About six months later, in August 1836, it was in the Penza province that the emperor’s carriage overturned. Fortunately, retired non-commissioned officer Bayguzov happened to be passing by. He was the one who gave the first aid to the monarch. Then the arriving district doctor applied a bandage to Nicholas I. The tsar could not continue the journey because the pain from the fracture was felt at every bump, so he went on foot to Chembar. The retinue had to dismount as well. Nicholas I walked ahead, followed by the courtiers led by Benkendorf. Something similar, if you remember, happens in the film “An Ordinary Miracle,” when the sad king trudges to the wizard with his courtiers. But that’s cinema, and this was harsh reality. And the first question was: where to accommodate the monarch? There was not a single private house suitable for the tsar’s residence in Chembar.
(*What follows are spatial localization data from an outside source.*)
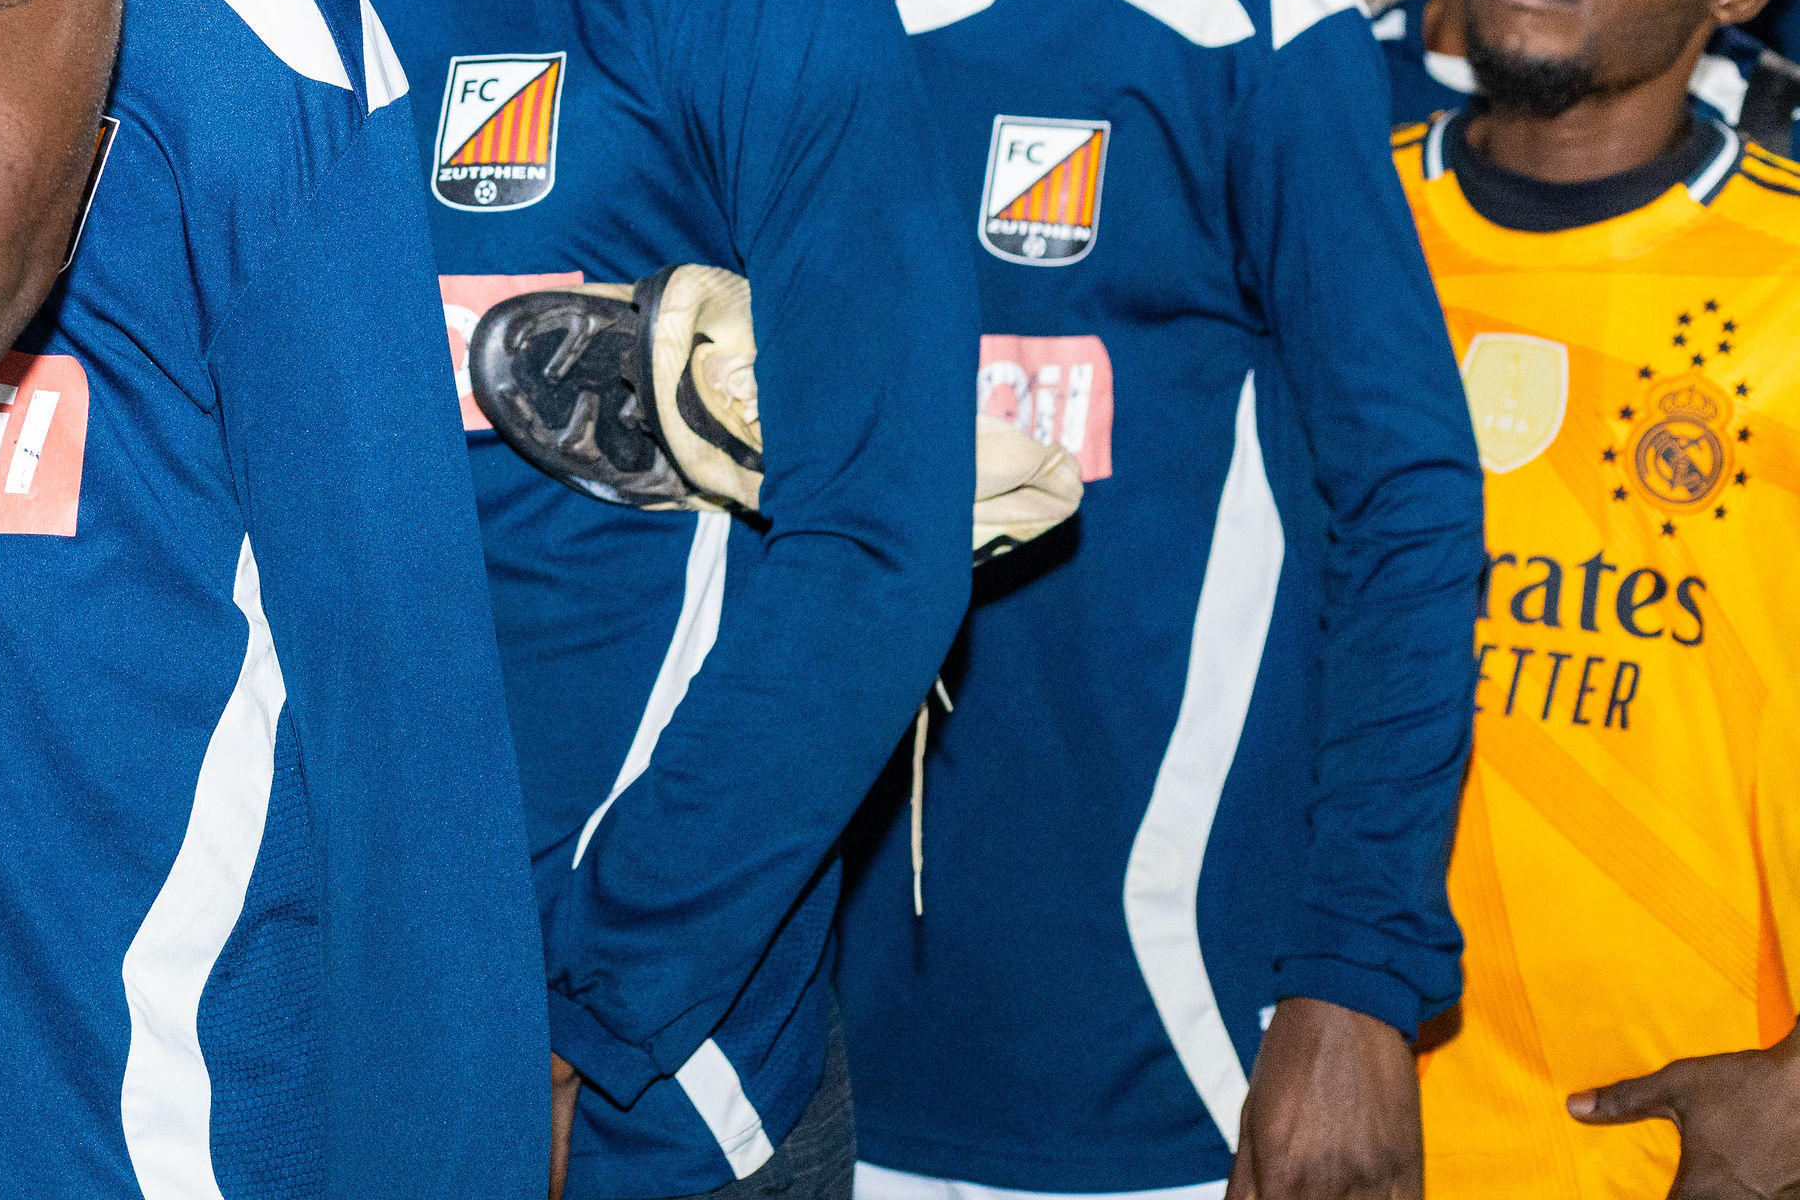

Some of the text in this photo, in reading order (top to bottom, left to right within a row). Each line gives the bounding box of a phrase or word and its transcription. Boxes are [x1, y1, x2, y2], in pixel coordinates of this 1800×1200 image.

[459, 77, 499, 104] FC
[1007, 139, 1046, 165] FC
[438, 165, 547, 182] ZUTPHEN
[977, 359, 1094, 454] Oil
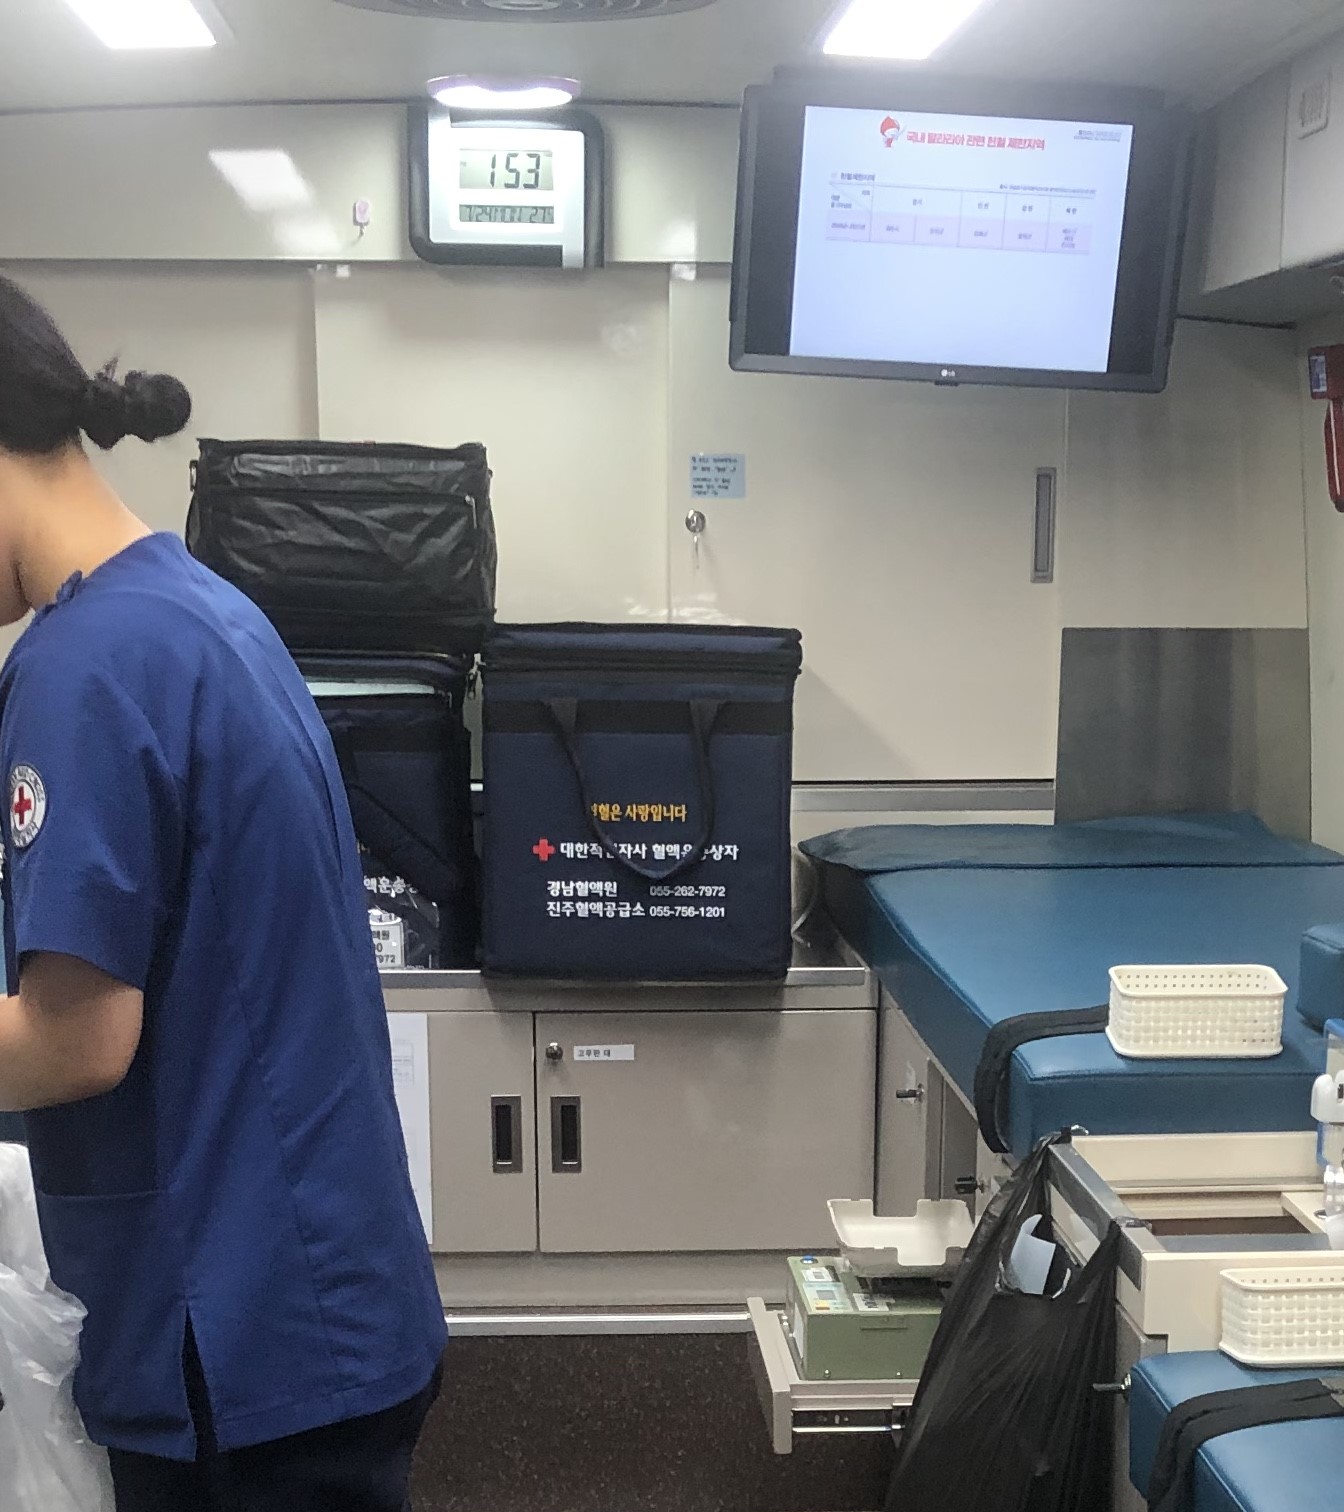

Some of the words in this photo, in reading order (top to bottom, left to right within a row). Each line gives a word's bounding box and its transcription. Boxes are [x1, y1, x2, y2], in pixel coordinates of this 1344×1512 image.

[625, 803, 688, 822] 사랑입니다
[559, 841, 648, 859] 대한적자사
[652, 843, 739, 861] 혈액상자
[546, 880, 618, 898] 경남혈액원
[650, 886, 726, 898] 055-262-7972
[546, 901, 646, 918] 진주혈액공급소
[649, 906, 726, 918] 055-756-1201
They had to offer the sovereign a room in the district school
(which has survived to this day),
and in honor of this curious historical event, a stone was installed in 2017 near the road leading to the town of Belinsky.
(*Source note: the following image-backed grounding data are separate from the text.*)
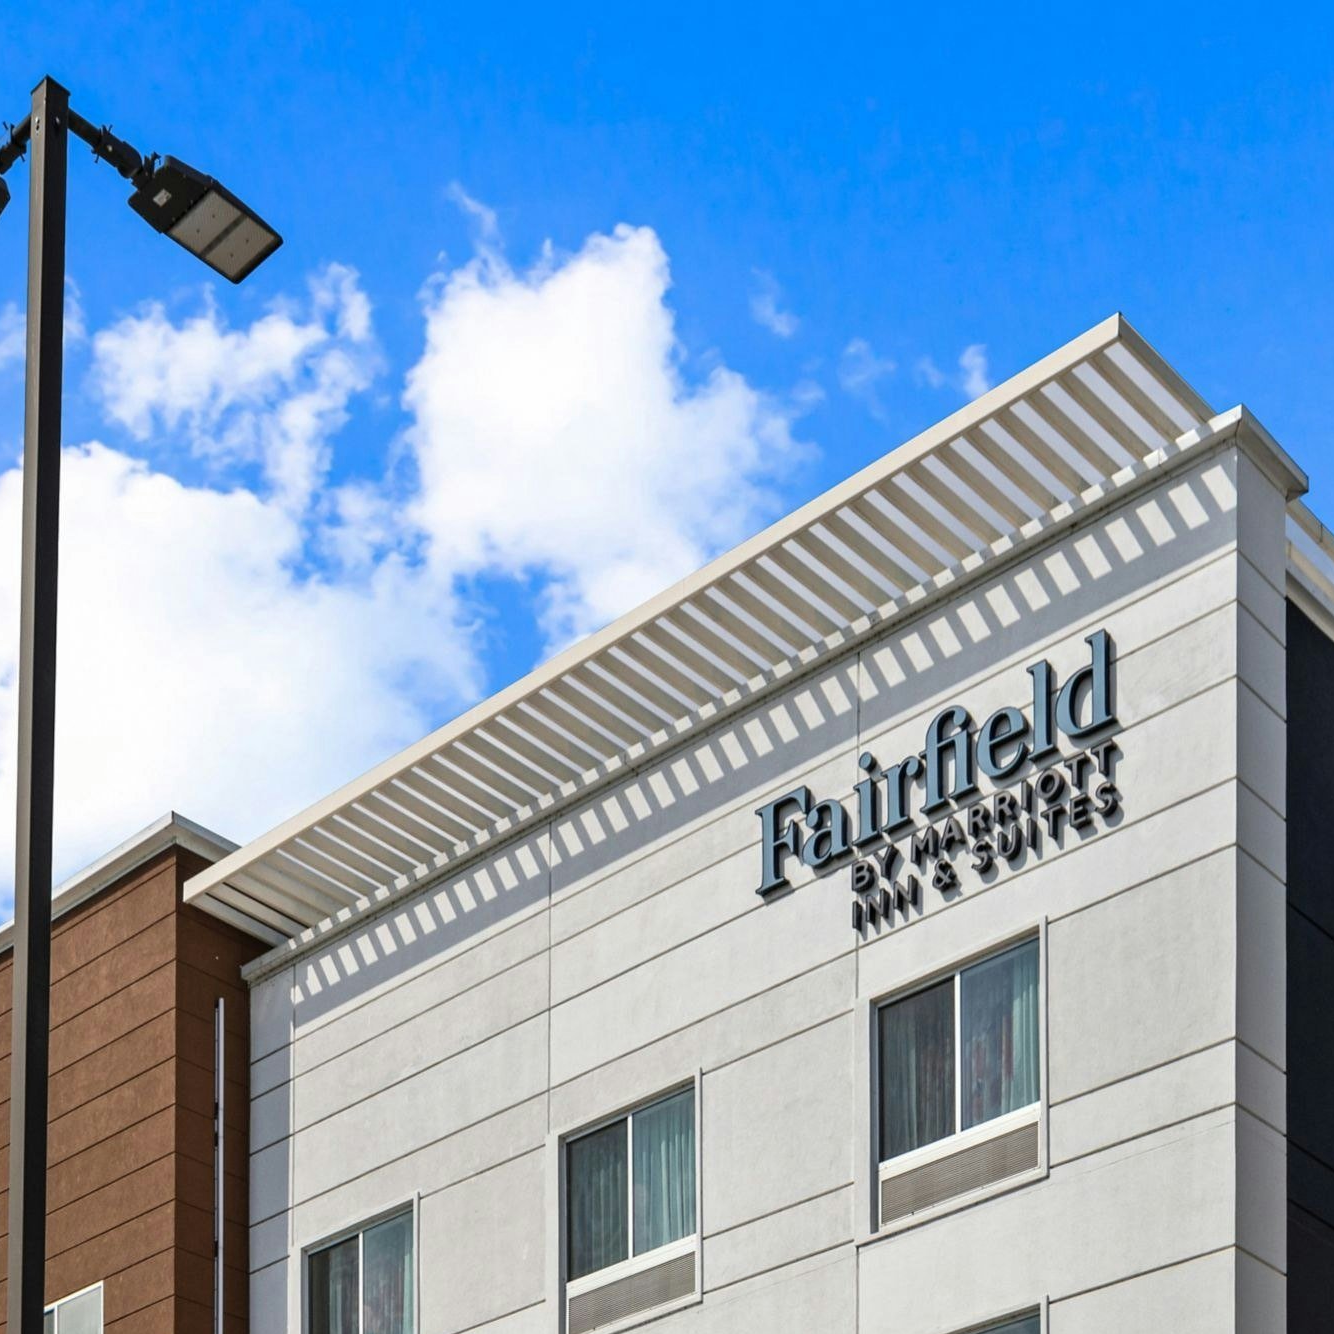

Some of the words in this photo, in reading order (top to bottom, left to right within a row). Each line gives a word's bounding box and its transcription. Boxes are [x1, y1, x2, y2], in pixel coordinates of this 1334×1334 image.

[754, 628, 1118, 897] Fairfield
[851, 845, 900, 893] BY
[910, 739, 1117, 866] MARRIOTT
[851, 874, 920, 931] INN
[931, 859, 959, 892] &
[970, 782, 1119, 875] SUITES
Benkendorf left interesting notes about the Chembar incident. “The carriage overturned with a crash like a cannon shot,” wrote Alexander Khristoforovich. “That’s nothing!” exclaimed the emperor, adding: “I feel that my shoulder is broken; that’s good, it means God is admonishing me, no plans should be made without asking for His help.” Settling in the school, the emperor wrote a humorous letter to the empress. Although Benkendorf himself was not in a mood for fun: “The entire empire was in anxious fear, and Chembar became the center of all fears and hopes.” When receiving local officials, Emperor Nicholas Pavlovich exclaimed: “Bah! I know you all!” He explained that although it was his first time in Chembar, he knew everyone from Gogol’s “The Inspector General.”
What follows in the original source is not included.